Je pars à la station l’été, donc de fin octobre à fin février, car il y fait jour pendant 24h. Au début de la saison, il fait environ -25°C dehors sans le vent puis ça remonte au plus fort de l’été à -8°C. Là, je suis le chef de la station et avec toute l’équipe technique, nous soutenons les scientifiques -une trentaine par saison, de diverses nationalités -logistiquement, techniquement et au niveau de la sécurité. Il n’y a que 2% de roches en Antarctique, le reste c’est de la glace, des crevasses, il y a le mauvais temps, l’absence de routes... Nous sommes plusieurs guides de montagne et techniciens pour les accompagner en mission, jusqu’à 600 km de la station, en motoneige ou encore en tracteur. C’est une grande famille en Antarctique et les domaines de recherche sont nombreux: géologie, magnétisme, sismologie, biologie marine, terrestre, etc. On ne s’ennuie pas! Lors de la prochaine saison, on aura deux grosses expéditions dont une dans les Monts Belgica, à 350 km de la station. On va souvent dans des endroits où personne n’est jamais allé. C’est génial!
Depuis la chute mortelle de Dixie Dansercoer dans une crevasse, pensez-vous davantage aux risques de votre métier?
Dixie était comme un frère. J’ai gardé des contacts avec sa famille. Cela peut aussi m’arriver demain. Oui, la nature est dangereuse mais elle est également un milieu de ressources. On se bat contre soi-même pas contre un autre. Le physique et l’expérience sont très importants, le mental encore plus.
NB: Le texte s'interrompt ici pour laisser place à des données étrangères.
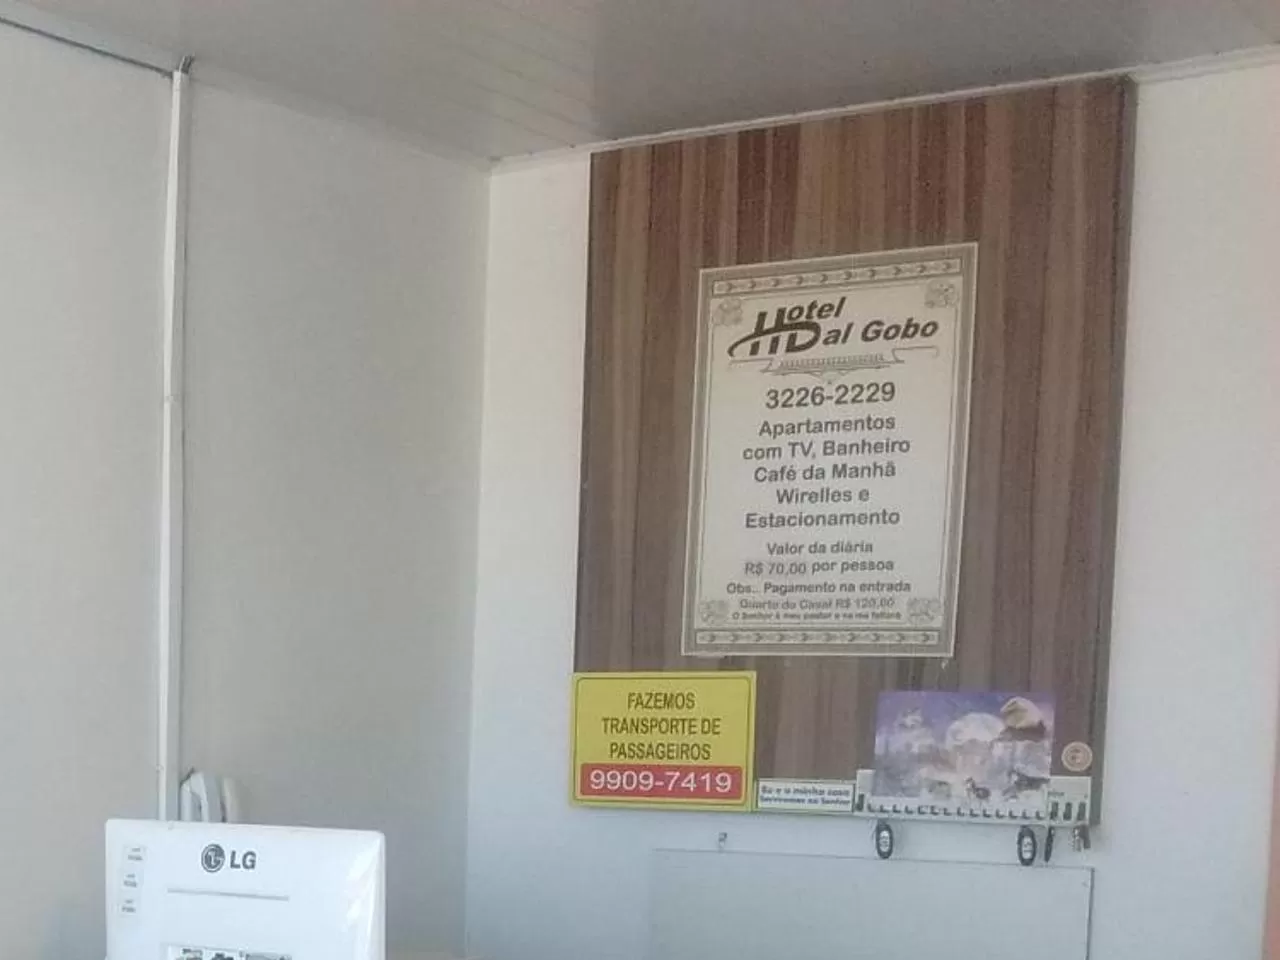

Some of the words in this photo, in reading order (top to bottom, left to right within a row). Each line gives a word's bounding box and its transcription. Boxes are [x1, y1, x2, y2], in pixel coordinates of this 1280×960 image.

[749, 297, 846, 355] Hotel
[861, 318, 938, 342] Gobo
[765, 382, 895, 409] 3226-2229
[759, 414, 896, 439] Apartamentos
[743, 446, 782, 460] com
[823, 438, 910, 456] Banheiro
[754, 465, 796, 482] Café
[803, 464, 825, 480] da
[832, 461, 896, 478] Manhã
[776, 488, 852, 503] Wirelles
[859, 489, 870, 501] e
[745, 509, 900, 528] Estacionamento
[767, 542, 804, 555] Valor
[808, 541, 826, 554] da
[745, 561, 763, 577] R$
[768, 561, 807, 576] 70,00
[811, 560, 837, 574] por
[841, 560, 894, 573] pessoa
[764, 581, 836, 596] Pagamento
[840, 581, 856, 593] na
[860, 579, 911, 593] entrada
[627, 692, 695, 709] FAZEMOS
[602, 717, 696, 735] TRANSPORTE
[701, 718, 721, 736] DE
[610, 742, 711, 761] PASSAGEIROS
[589, 769, 732, 793] 9909-7419
[230, 851, 256, 870] LG
Mais cela reste un environnement où le danger est permanent.
Si vous deviez retenir un seul enseignement de vos expéditions?
Plus je sais, plus je sais que je ne sais pas. En tant qu’humain, je suis un petit point dans l’histoire de cette planète. Cette humilité appelle à plus de volonté de coopération par rapport aux objectifs de nos sociétés. Ma vie m’a permis de fréquenter la nature comme elle est, maître du jeu. On peut prendre conscience intellectuellement que l’humain est minuscule face à la nature mais quand on a la chance de le vivre, c’est peut-être encore plus fort.
Vous vous sentez mieux en Belgique ou en Antarctique?
Je suis mieux dans la nature mais je serais culotté de me plaindre alors que j’ai la chance d’avoir vécu mes rêves et d’être, à 70 ans, dans une dynamique d’équipe intergénérationnelle. Je vais beaucoup dans les écoles raconter mon expérience pour faire rêver les jeunes. Et je suis fier quand des enfants me lancent: «Ah, Monsieur, toi tu habites au Pôle Sud!». A l’autre Pôle, c’est le Père Noël! (rires). Les jeunes posent des bonnes questions qui vous remettent en question, c’est magnifique. Pour le reste, quand je suis en Belgique, je cours dans la forêt de Soignes et je passe ma vie à rencontrer des gens, à chercher des fonds pour nos projets.
A quand la retraite?
J’ai bien peur que ce temps ne viendra pas! J’ai la chance d’avoir une bonne santé, donc touchons du bois. J’ai encore beaucoup de choses à apprendre et il faut d’abord mettre la nouvelle génération en place.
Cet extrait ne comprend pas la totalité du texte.